----- DATA FOR THIS EXERCISE
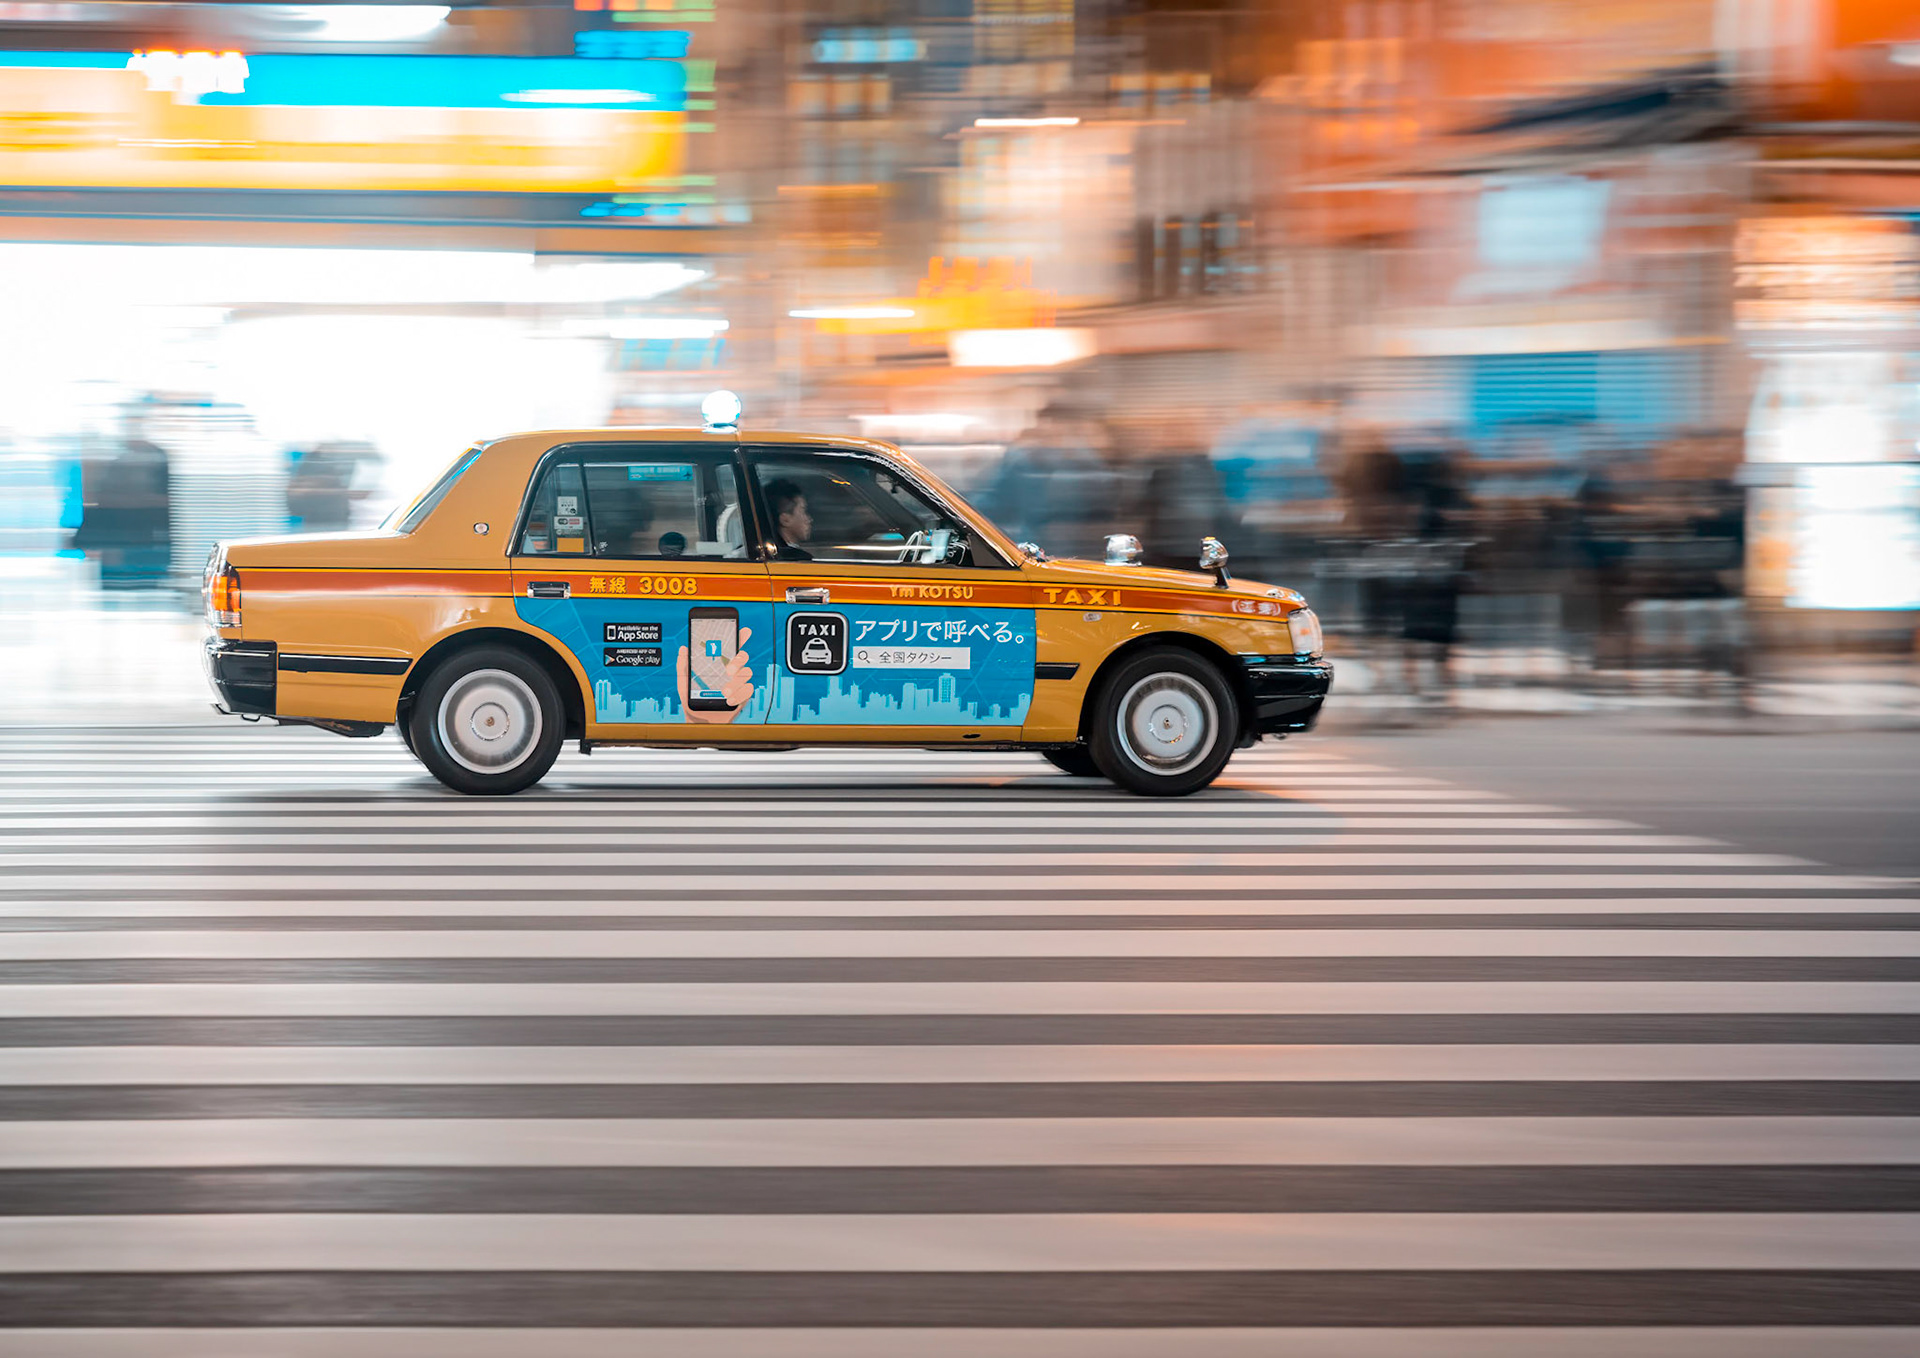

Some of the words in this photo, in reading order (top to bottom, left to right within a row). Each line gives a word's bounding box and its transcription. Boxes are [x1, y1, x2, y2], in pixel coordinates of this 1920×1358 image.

[590, 576, 627, 594] 無線
[639, 576, 698, 595] 3008
[919, 585, 974, 600] KOTSU
[1043, 588, 1122, 606] TAXI
[618, 631, 636, 642] App
[636, 631, 659, 640] Store
[798, 623, 836, 636] TAXI
[855, 619, 1024, 644] アプリで呼べる。
[616, 655, 644, 666] Google
[645, 656, 660, 665] play
[879, 651, 952, 664] 全国タクシー
----------
> ACTIVITY
Leave the pictures out and output the rest of the data word for word.

> SOLUTION TO THIS TASK
Some of the words in this photo, in reading order (top to bottom, left to right within a row). Each line gives a word's bounding box and its transcription. Boxes are [x1, y1, x2, y2], in pixel coordinates of this 1920×1358 image.

[590, 576, 627, 594] 無線
[639, 576, 698, 595] 3008
[919, 585, 974, 600] KOTSU
[1043, 588, 1122, 606] TAXI
[618, 631, 636, 642] App
[636, 631, 659, 640] Store
[798, 623, 836, 636] TAXI
[855, 619, 1024, 644] アプリで呼べる。
[616, 655, 644, 666] Google
[645, 656, 660, 665] play
[879, 651, 952, 664] 全国タクシー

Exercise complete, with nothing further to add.